Task brief: Would you reproduce every record exactly, leaving out the pictures?

Phrase grounding data

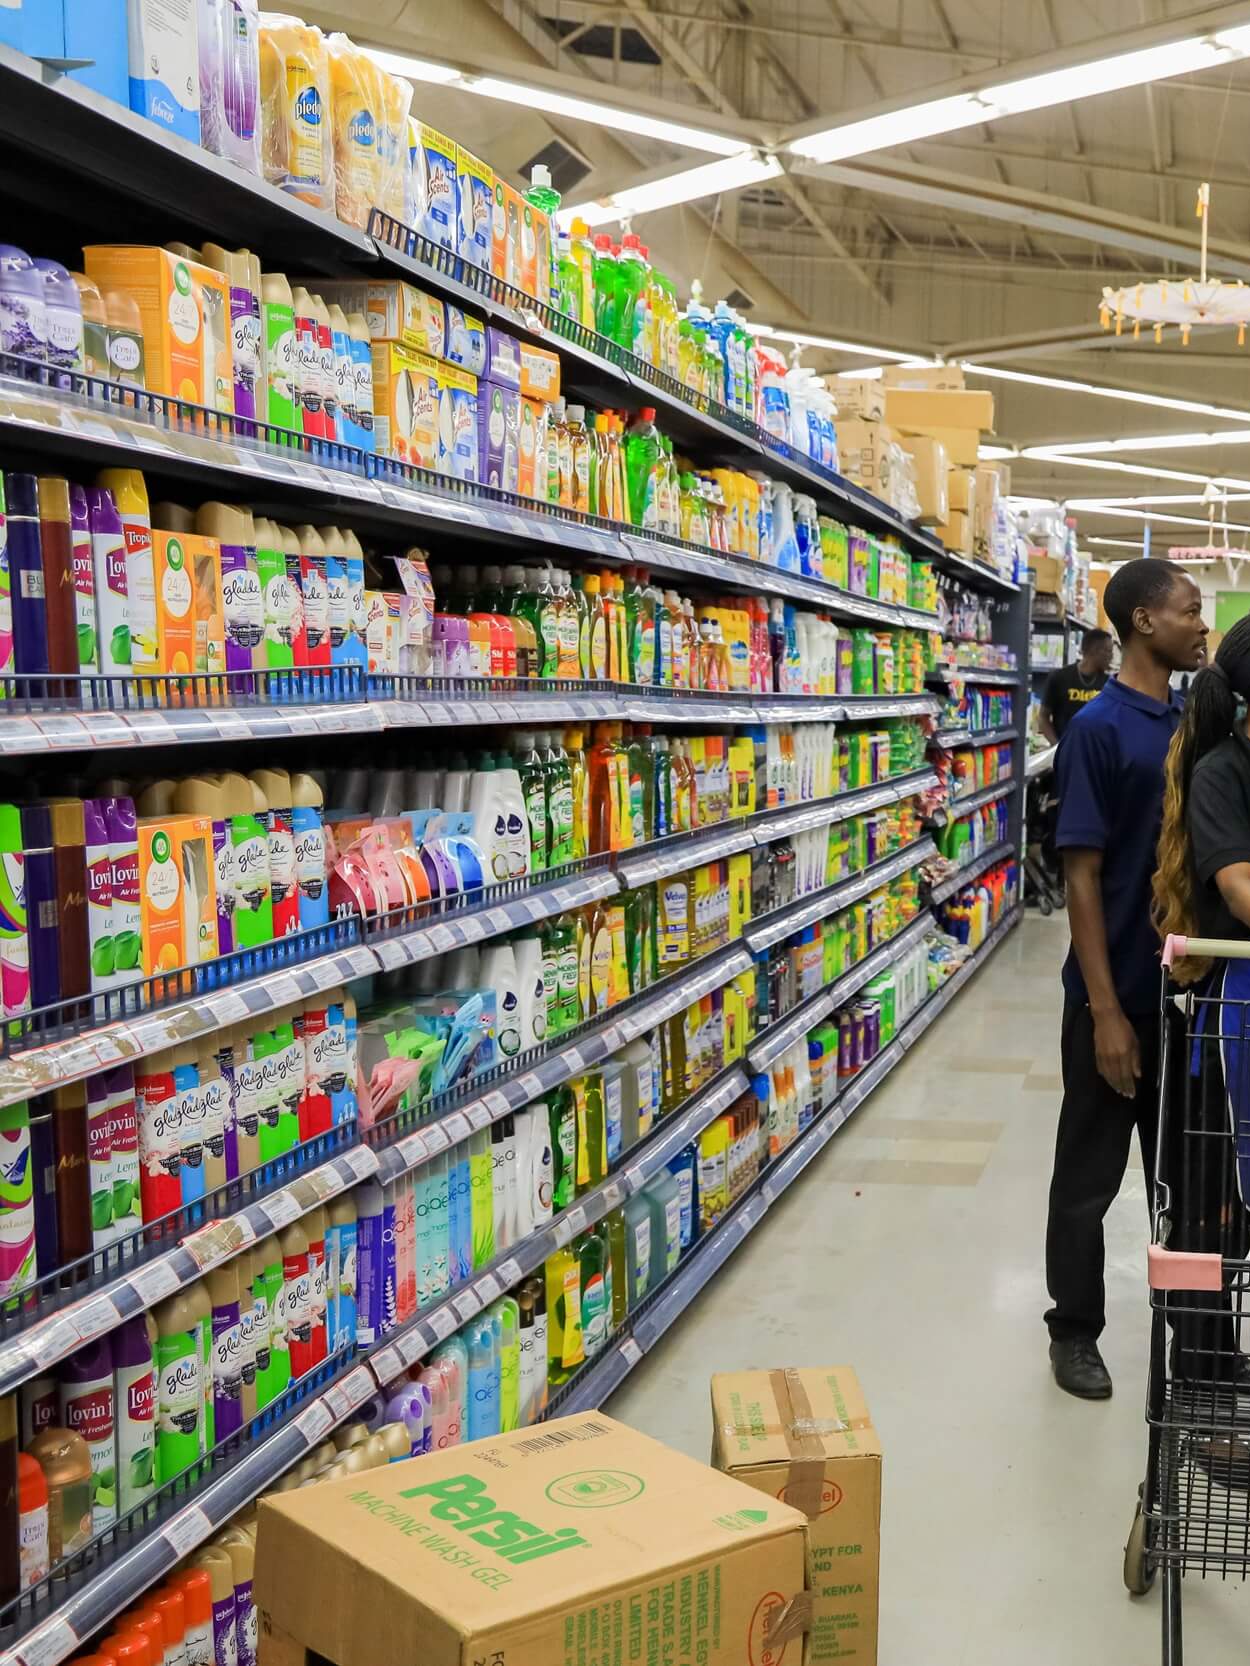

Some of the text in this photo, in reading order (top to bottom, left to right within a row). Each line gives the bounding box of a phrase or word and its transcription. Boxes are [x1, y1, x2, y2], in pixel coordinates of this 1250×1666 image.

[131, 1381, 154, 1409] Lovi
[349, 1490, 514, 1592] MACHINE WASH GEL
[399, 1474, 588, 1565] Persil
[837, 1544, 863, 1556] FOR
[646, 1588, 659, 1623] FOR
[662, 1581, 675, 1638] TRADE
[679, 1575, 692, 1657] INDUSTRY
[696, 1569, 709, 1636] HENKEL
[822, 1583, 864, 1596] KENYA
[628, 1594, 641, 1660] LIMITED

Task output:
Some of the text in this photo, in reading order (top to bottom, left to right within a row). Each line gives the bounding box of a phrase or word and its transcription. Boxes are [x1, y1, x2, y2], in pixel coordinates of this 1250×1666 image.

[131, 1381, 154, 1409] Lovi
[349, 1490, 514, 1592] MACHINE WASH GEL
[399, 1474, 588, 1565] Persil
[837, 1544, 863, 1556] FOR
[646, 1588, 659, 1623] FOR
[662, 1581, 675, 1638] TRADE
[679, 1575, 692, 1657] INDUSTRY
[696, 1569, 709, 1636] HENKEL
[822, 1583, 864, 1596] KENYA
[628, 1594, 641, 1660] LIMITED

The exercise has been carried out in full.